Thomas Phillips Price (14 June 1844 – 28 June 1932) was a Welsh landowner, mine owner, and Liberal politician.

== Early life ==
Price was the son of the Reverend Canon William Price, vicar of Llanarth. He was educated at Highgate School from 1854 until December 1858, when he went to Winchester College, and at University College, Oxford (B.A. 1867, M.A. 1868).

When he was 23, his unmarried uncle, Sir Thomas Phillips left him a fortune. He was an active mine owner with a mine at Darran Llanhilleth, and in 1863 he sunk a mineshaft at Ebbw Fach.

== Career ==
In 1885, Price was elected as MP for North Monmouthshire and held the seat for 10 years. In 1882, he was appointed High Sheriff of Monmouthshire. He was a captain in the Monmouthshire Militia and a JP, living at Triley Court Abergavenny.
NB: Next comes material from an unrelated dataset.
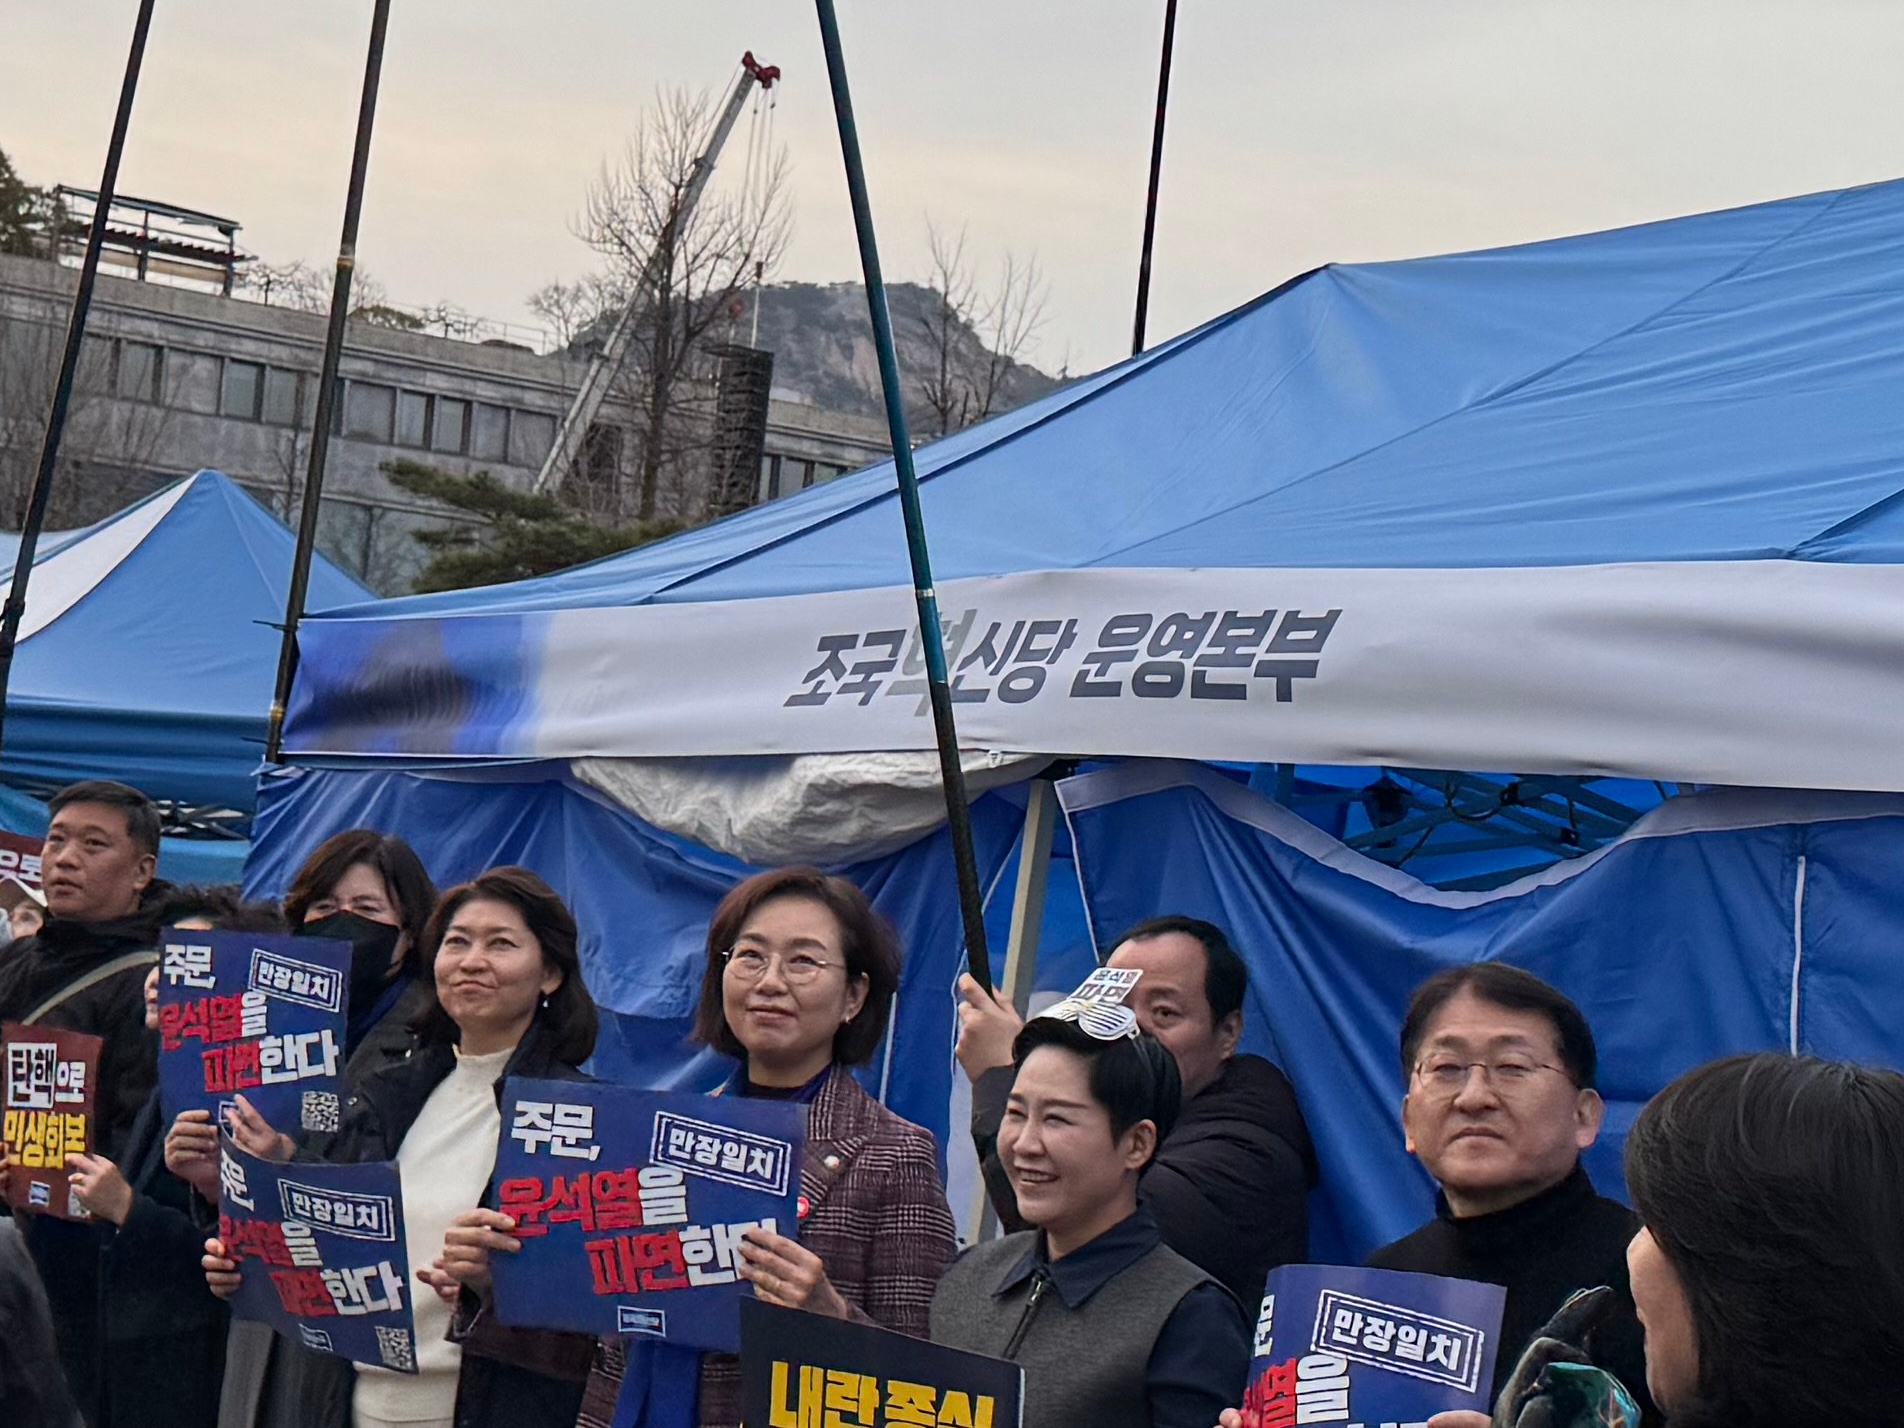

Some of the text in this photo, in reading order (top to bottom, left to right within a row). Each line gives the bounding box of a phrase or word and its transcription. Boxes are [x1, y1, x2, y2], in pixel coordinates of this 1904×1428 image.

He also rented Skreens Park, a large mansion near Chelmsford which is now demolished. After losing his Parliamentary seat in 1895 he became a county councillor and Justice of the Peace for Essex. In 1898, he purchased Marks Hall with a fine mansion and deer park. Later he purchased the Villa Capponi, a fine 15th-century villa just outside Florence. His second wife suffered ill-health and they spent a large part of the year there.

In 1907, in consultation with Sir George Murray of the Treasury and Sir David Prain, director of Kew Gardens, he made provision in his will to leave the Marks Hall estate to the nation in the interest of agriculture, arboriculture and forestry. During the Second World War, Earls Colne Airfield was built on the edge of the deer park, and much of the property was requisitioned. By 1949, the mansion was said to be in a dangerous state and it was demolished in 1950.

==Family==
Price married Frances Anne Rowlett in 1882. She died in 1897 and he married again to Florence Cecilia Konstamm, who had an Italian mother and a brother, Max Konstamm, who was a King's Councillor. Florence died in 1926 and in 1927 Price married for the third time to Mary Elizabeth Swann, his sister's companion who was then 51 to his 83.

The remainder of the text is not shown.